What this task involves →
Could you write out every record below exactly, leaving out any pictures?
━━ Dataset extract
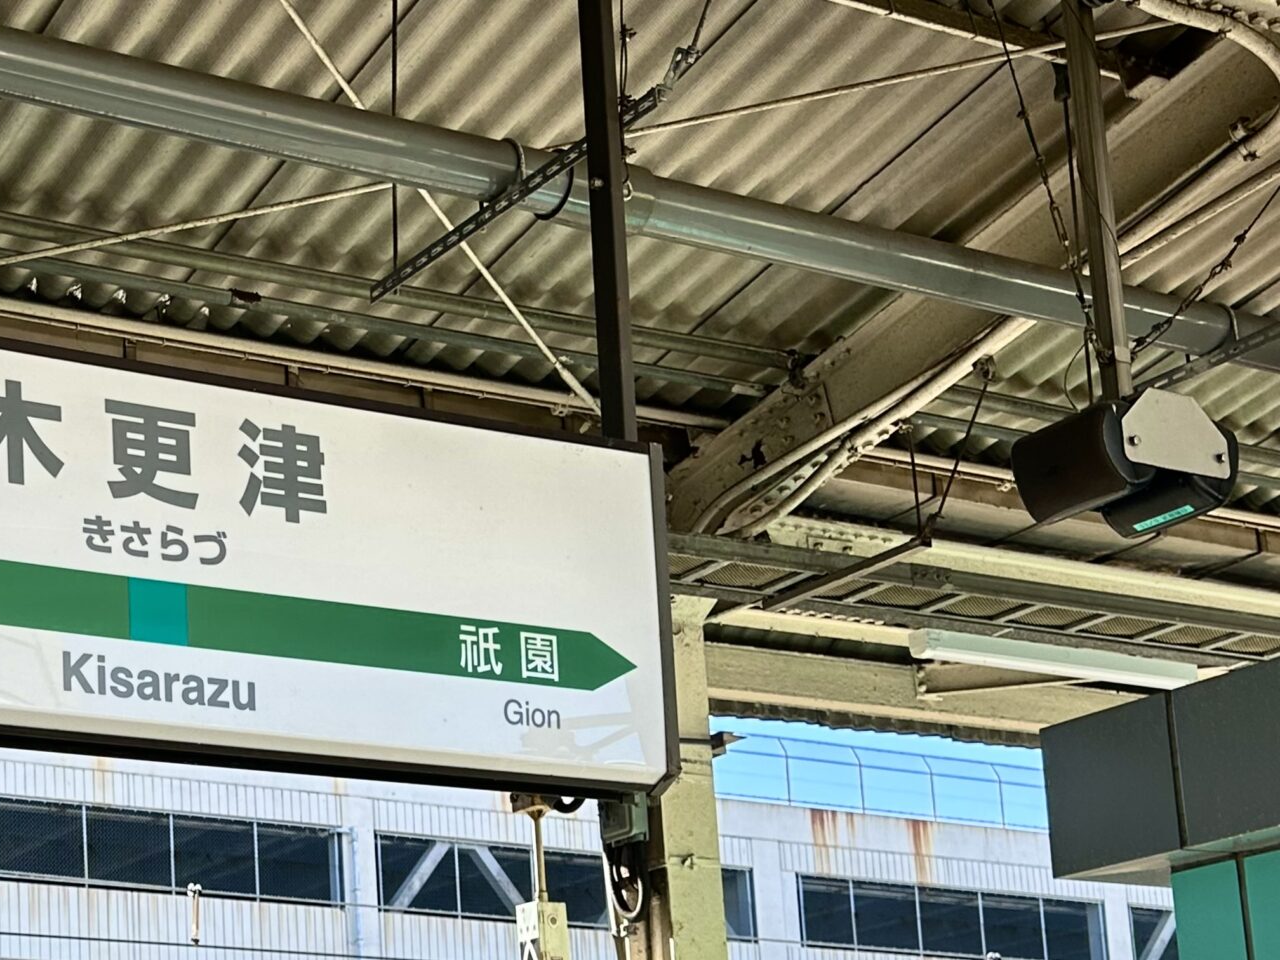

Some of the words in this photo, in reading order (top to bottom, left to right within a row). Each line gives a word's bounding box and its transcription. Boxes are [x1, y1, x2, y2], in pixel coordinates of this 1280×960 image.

[82, 515, 228, 566] きさらづ
[459, 624, 560, 682] 祇園
[61, 651, 258, 712] Kisarazu
[504, 700, 562, 730] Gion
━━━━
Response for this exercise →
Some of the words in this photo, in reading order (top to bottom, left to right within a row). Each line gives a word's bounding box and its transcription. Boxes are [x1, y1, x2, y2], in pixel coordinates of this 1280×960 image.

[82, 515, 228, 566] きさらづ
[459, 624, 560, 682] 祇園
[61, 651, 258, 712] Kisarazu
[504, 700, 562, 730] Gion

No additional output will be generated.